If we consider why any product exists, it must address people's problems. When we talk about Sazalem as a product and the problem it addresses, it is the decentralization of Kazakh historical and modern songs and literature that people would love to listen to, but don't just because they don't have time to surf YouTube or Google.
Who do you consider as your target audience?
I would say that 70% of our audience comes from rural areas, but [the remaining] 30%, of course, comes from the Almaty region and Shymkent. Essentially two of our major cities.
The difference, however, between our audience and that of other streaming platforms is, actually, the age and language. I, personally, use Spotify because I'm under thirty, and I listen to a lot of hip-hop, R’n’B, and various international artists. But our audience on average is over thirty-five years old.
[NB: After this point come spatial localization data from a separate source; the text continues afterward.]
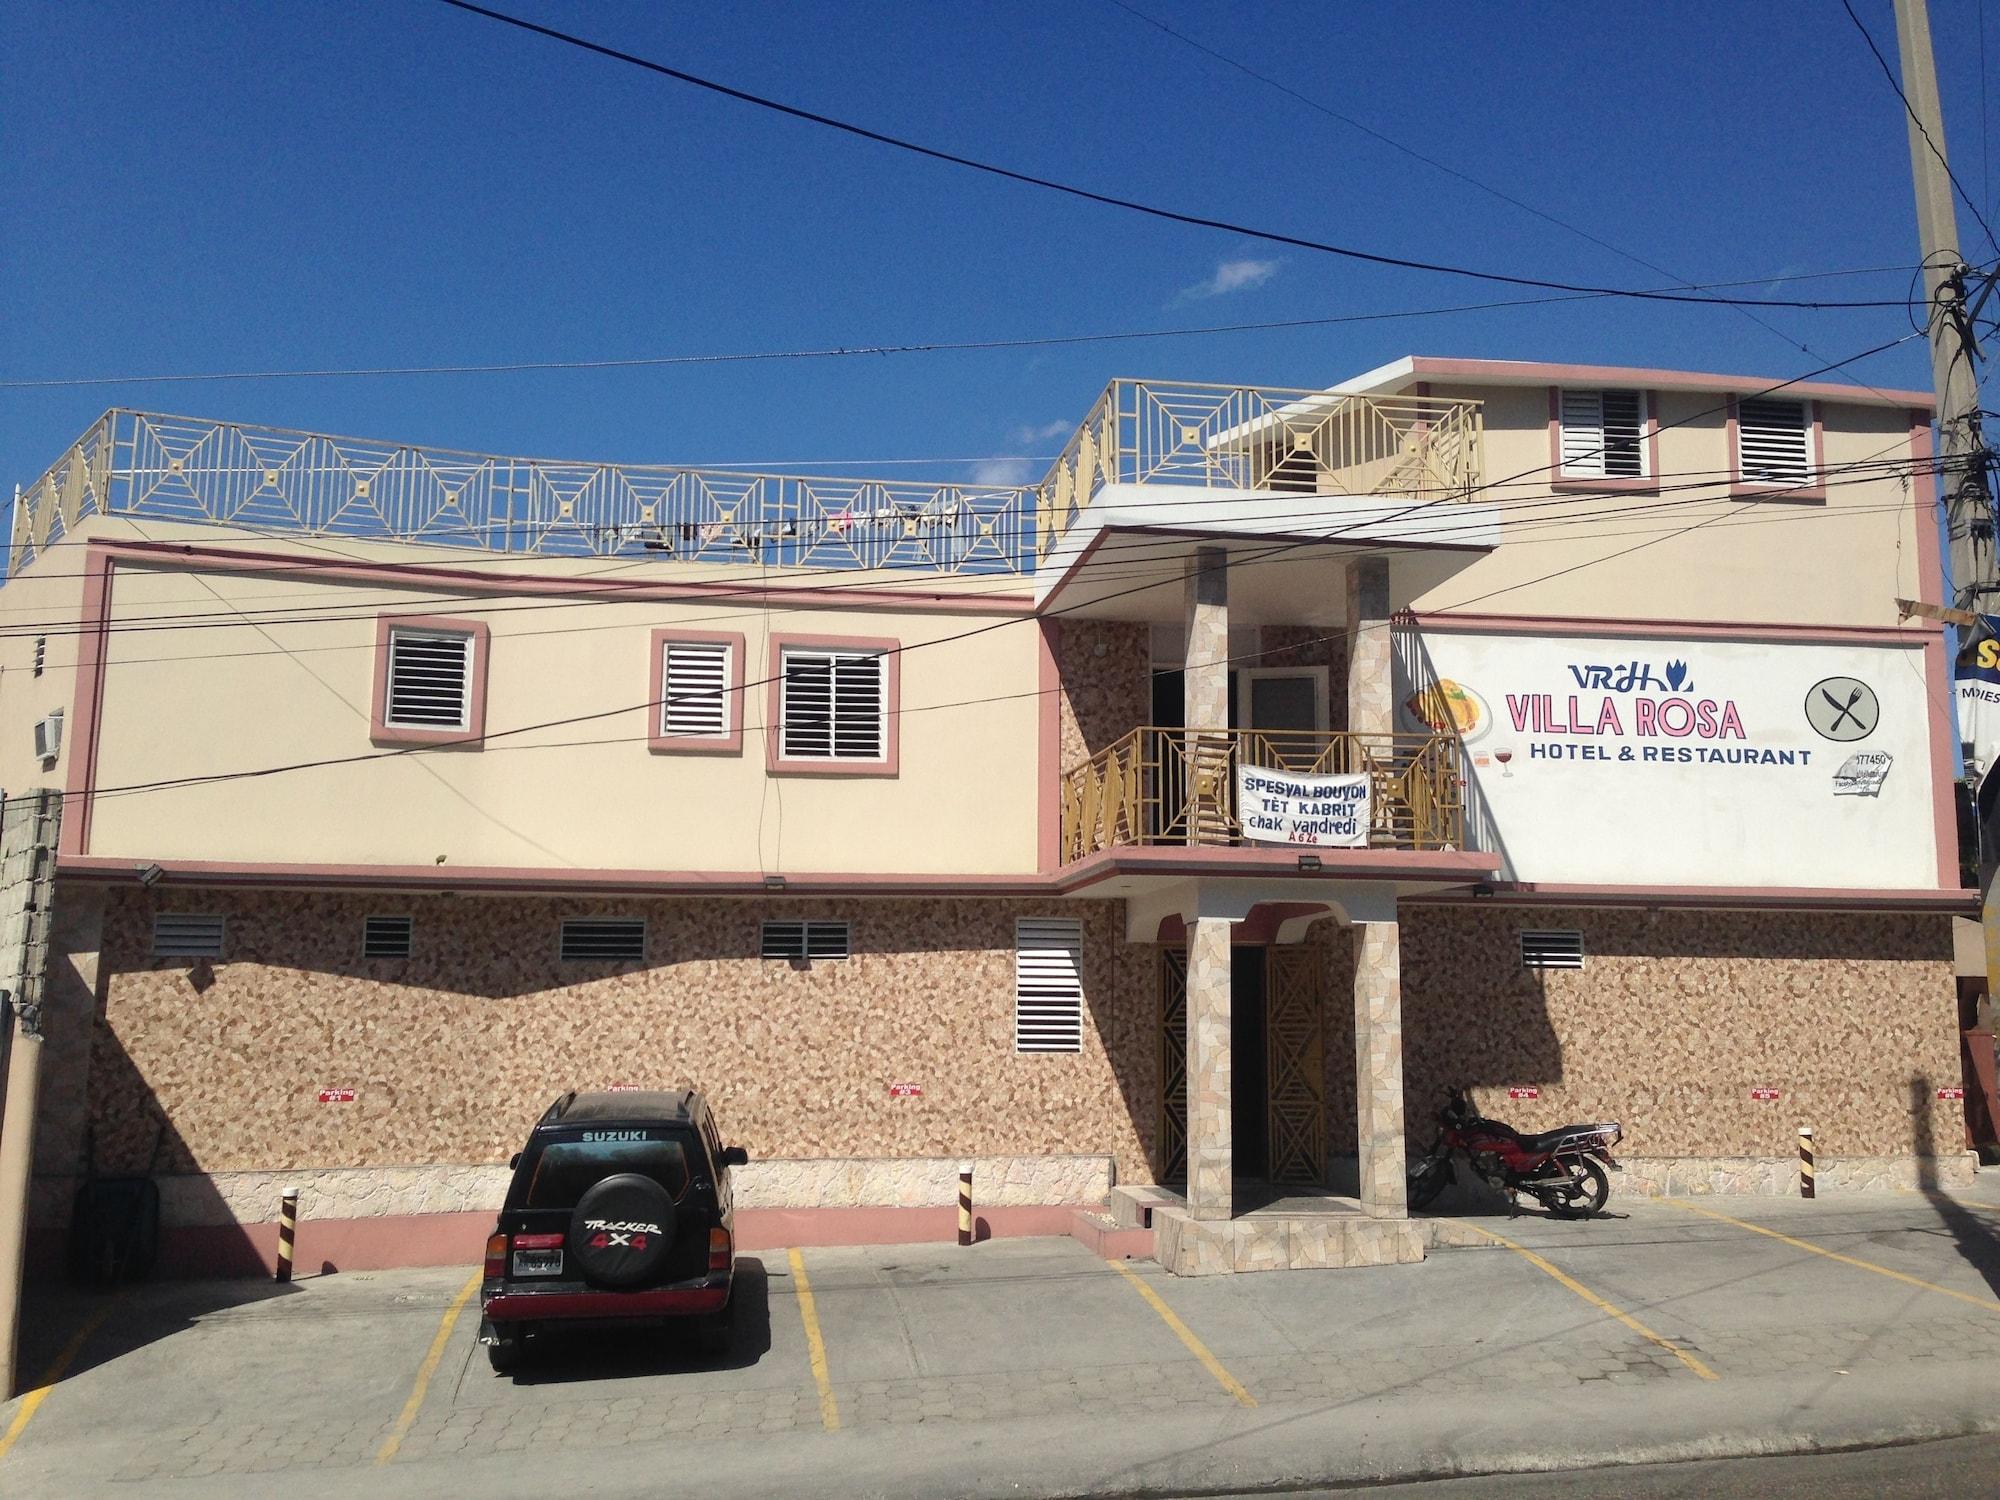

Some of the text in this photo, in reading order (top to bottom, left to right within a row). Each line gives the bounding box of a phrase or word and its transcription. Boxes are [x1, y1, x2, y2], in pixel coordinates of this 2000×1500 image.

[1506, 694, 1747, 739] VILLA ROSA
[1530, 743, 1811, 765] HOTEL & RESTAURANT
[1299, 801, 1356, 817] KABRIT
[1249, 815, 1357, 835] chak vandredi
[607, 1084, 640, 1092] Parking
[582, 1131, 647, 1142] SUZUKI
[584, 1220, 662, 1235] TRACKER
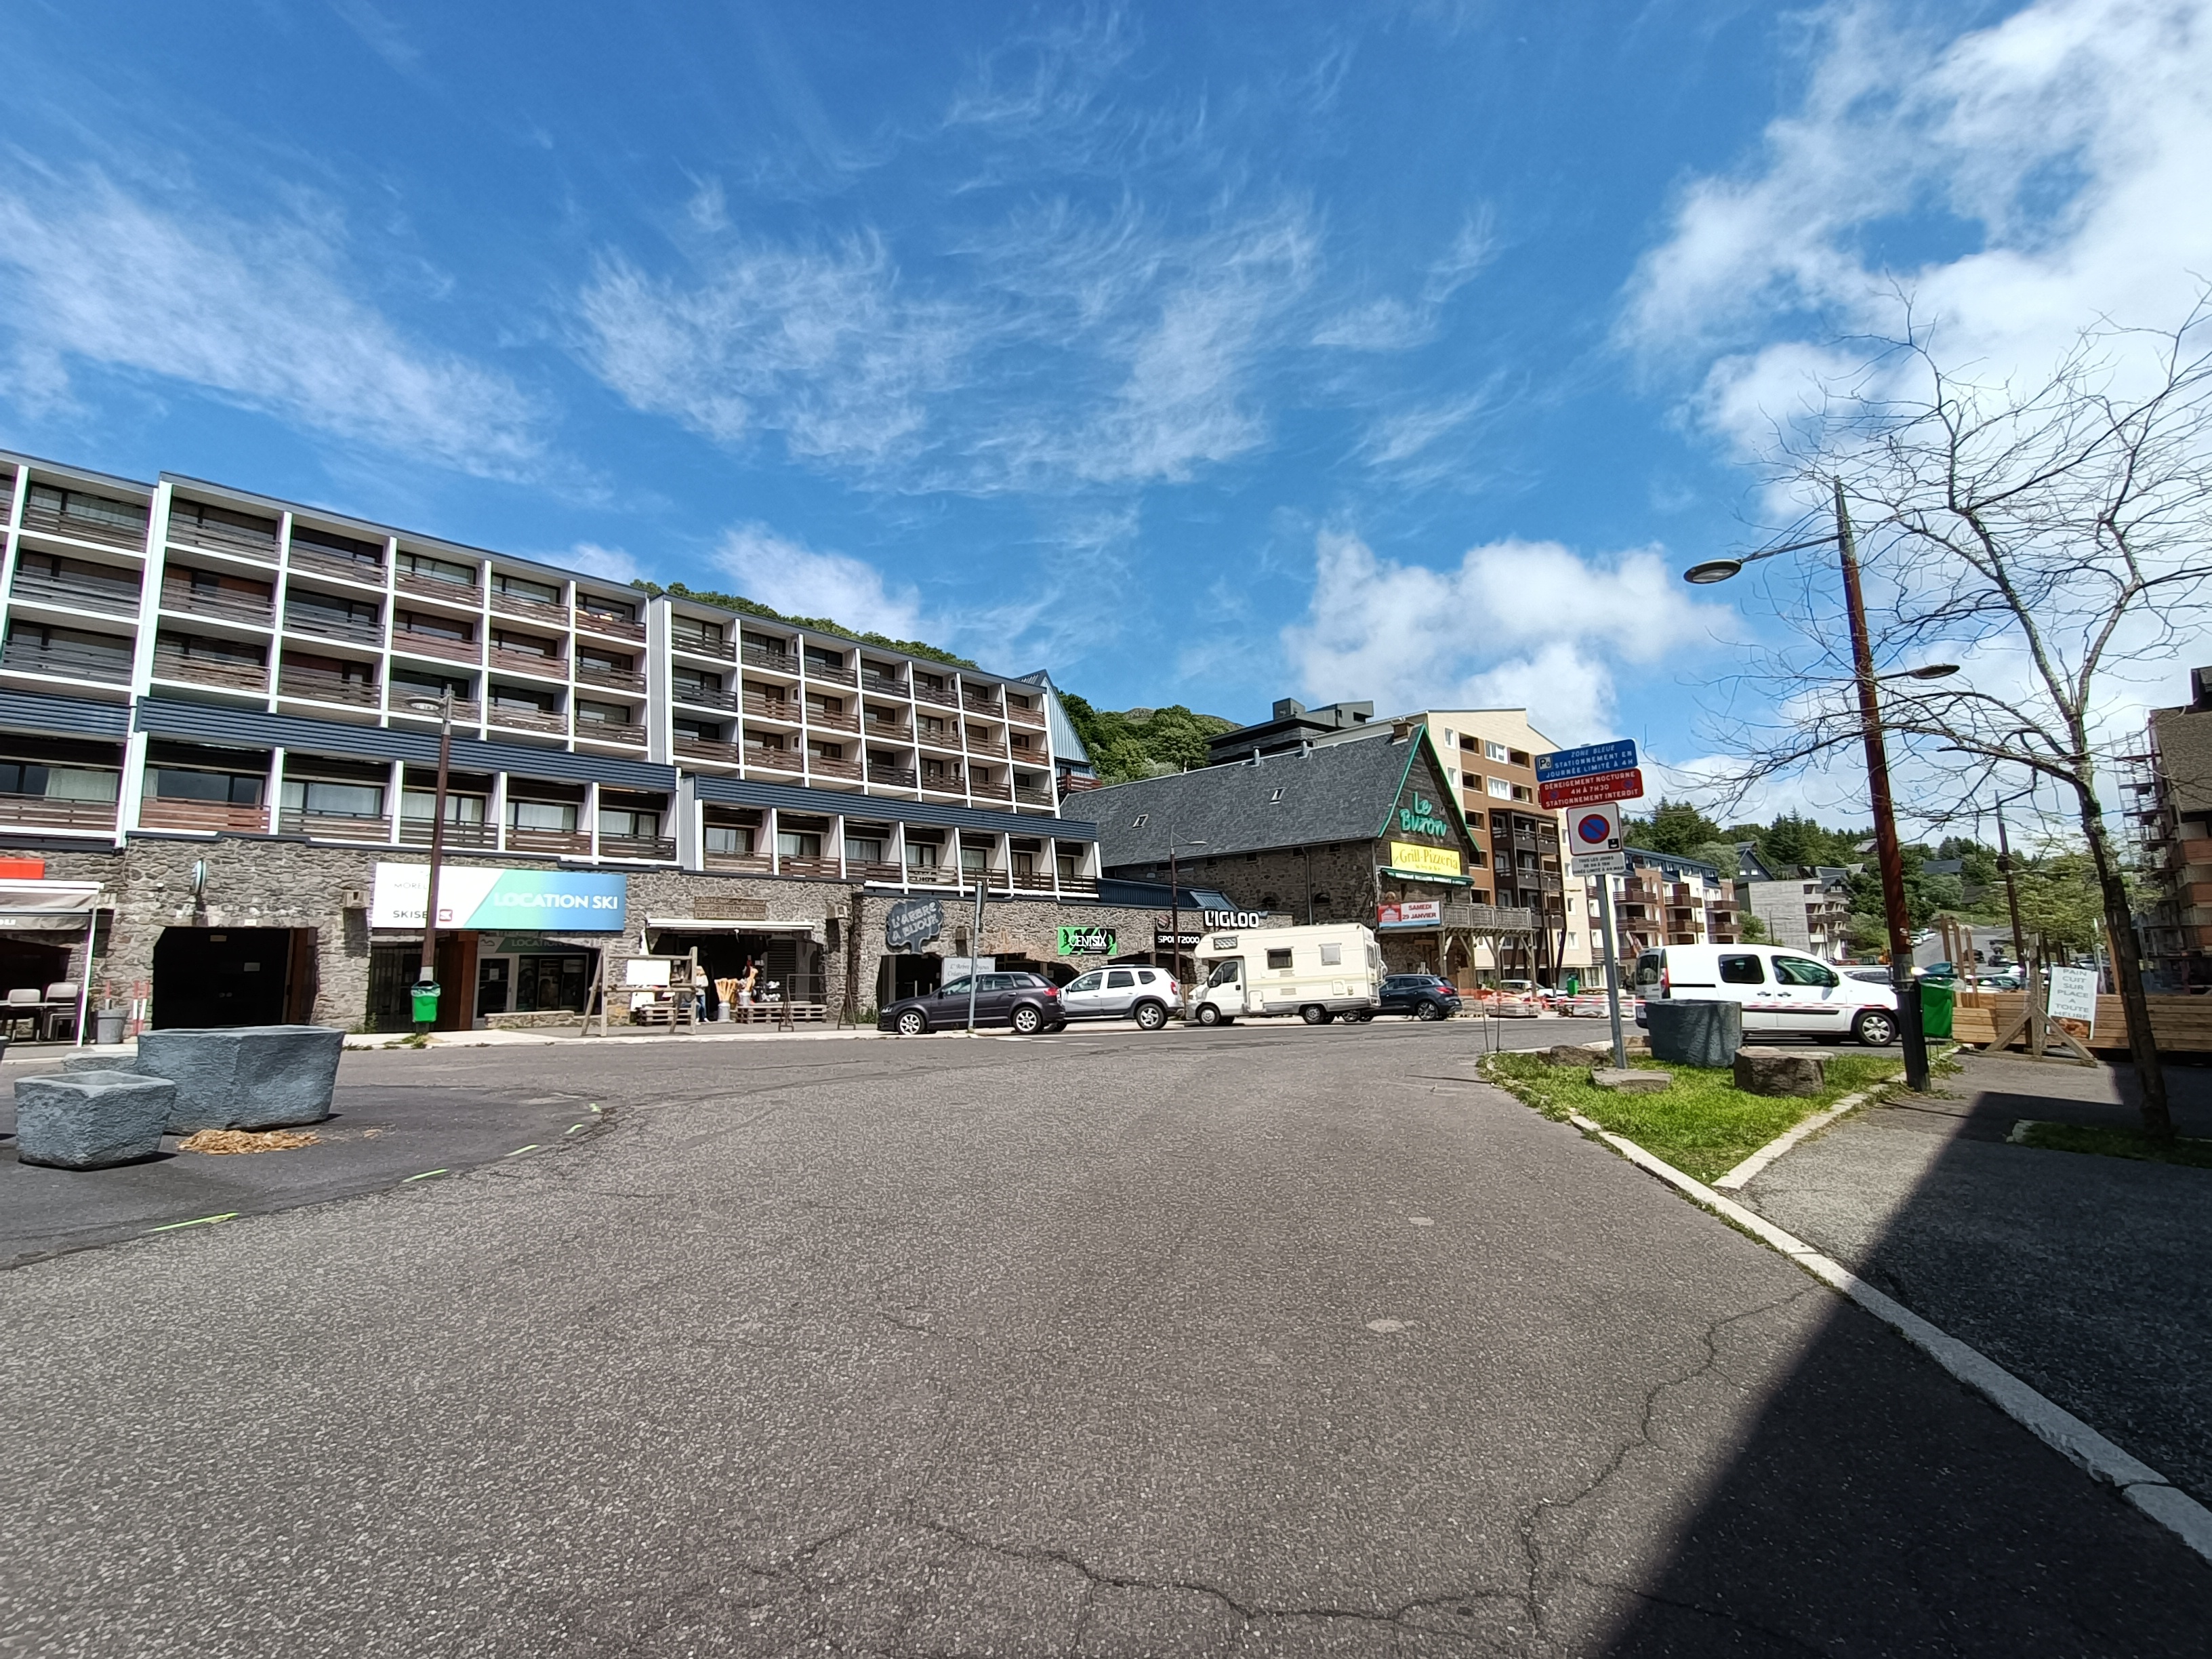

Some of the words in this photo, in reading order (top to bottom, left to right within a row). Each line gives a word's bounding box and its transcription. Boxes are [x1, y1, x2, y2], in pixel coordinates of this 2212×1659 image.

[1571, 749, 1589, 758] ZONE
[1593, 745, 1615, 754] BLEUE
[1555, 752, 1618, 769] STATIONNEMENT
[1546, 766, 1581, 779] JOURNÉE
[1584, 762, 1610, 772] LIMITÉ
[1544, 777, 1594, 790] DÉNEIGEMENT
[1596, 771, 1635, 783] NOCTURNE
[1589, 784, 1610, 792] 7H30
[1413, 791, 1433, 815] Le
[1545, 794, 1603, 808] STATIONNEMENT
[1605, 788, 1639, 799] INTERDIT
[494, 893, 588, 908] LOCATION
[592, 895, 617, 909] SKI
[891, 902, 937, 928] L'ARBRE
[1204, 910, 1260, 928] L'IGLOO
[902, 914, 939, 937] BIJOUX
[2057, 989, 2089, 998] PLACE
[2055, 1003, 2089, 1012] TOUTE
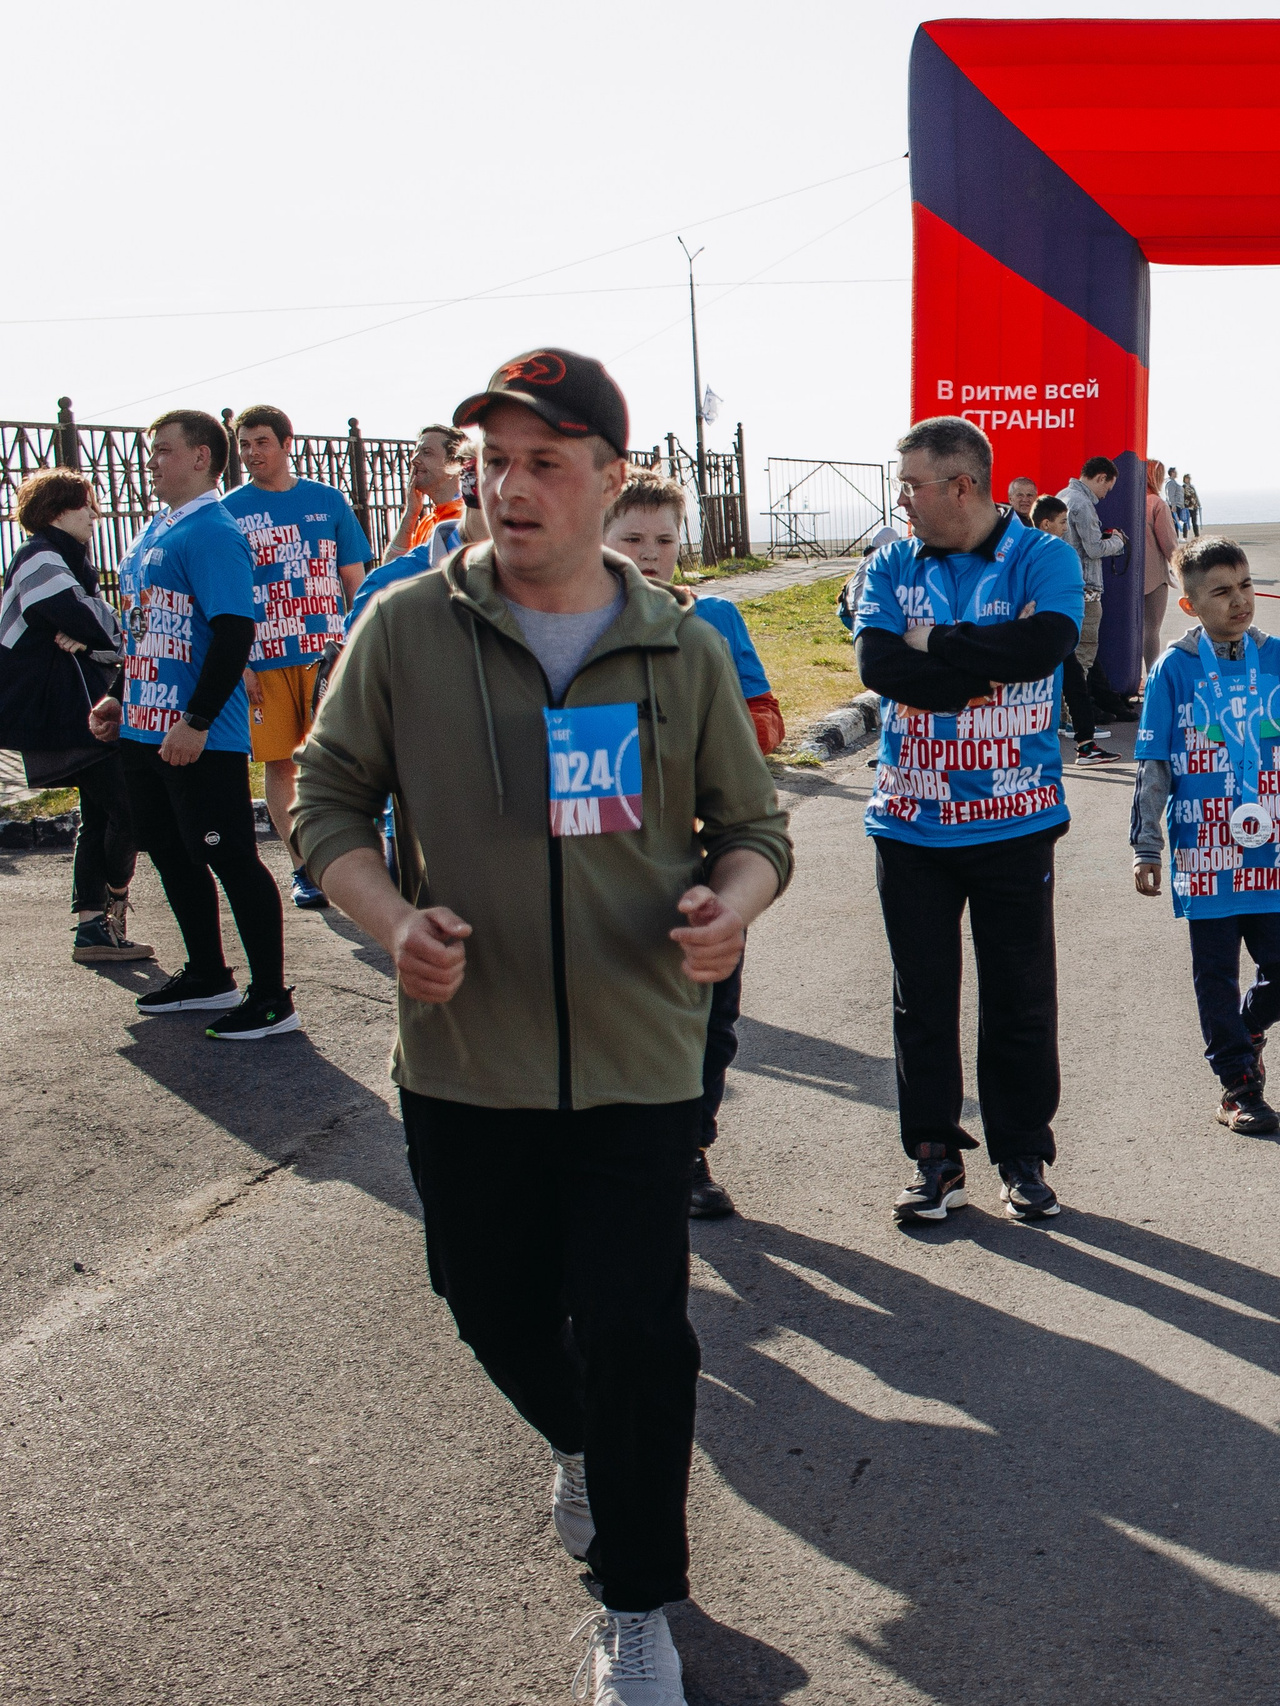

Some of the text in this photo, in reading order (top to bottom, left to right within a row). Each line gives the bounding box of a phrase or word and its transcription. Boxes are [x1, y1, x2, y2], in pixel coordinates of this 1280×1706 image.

[937, 378, 1100, 403] В ритме всей
[236, 511, 274, 535] 2024
[246, 524, 302, 551] #МЕЧТА
[1001, 536, 1015, 553] ПСБ
[264, 595, 339, 621] #ГОРДОСТЬ
[140, 681, 179, 709] 2024
[1212, 680, 1224, 699] ПСБ
[957, 700, 1054, 739] #МОМЕНТ
[898, 737, 1021, 771] #ГОРДОСТЬ
[1174, 797, 1234, 824] #ЗАБЕГ
So it could be your uncles or your parents who are part of our listeners, like my grandma from Karagandy and my parents, who listen to Sazalem.
How do you plan to monetize your app?
Currently, we are monetizing through audio ads. For every ninth song you listen to, you will have to deal with either ten, fifteen, or thirty seconds of audio ads. But we also offer an affordable paid subscription that enables ad-free use and higher-quality audio.
We’re trying to come up with solutions for schools that we are building together with another startup called abyz. They have digitized history lessons and museums, they even have AI within it.
We're going to schools because we're aware that they don't really digitalize their subjects. Given that every student takes music, history, and language classes, abyz can handle the digital aspect of history, while we can cover music lessons.
You've already touched on it, but what's in store for Sazalem next year?
Well, the first thing is the ongoing work on content management. We will be adding podcasts in the Kazakh language, mostly about the culture, history, and the celebrities who share about the country and their work. It's going to be existing podcasters who like to reach more audiences, like podcasts from the Batyr Foundation.
As I mentioned earlier, our collaboration with abyz will enable us to create an all-in-one solution for schools, and we anticipate a launch in early January.
It's funny how I think that around 10% of our total users are Kazakhs living abroad. Our people who live in America, who move to Europe, Russia, Uzbekistan, and the Kyrgyz Republic, listen to Sazalem. And they are paying subscribers because we provide them with content that is both relevant and valuable.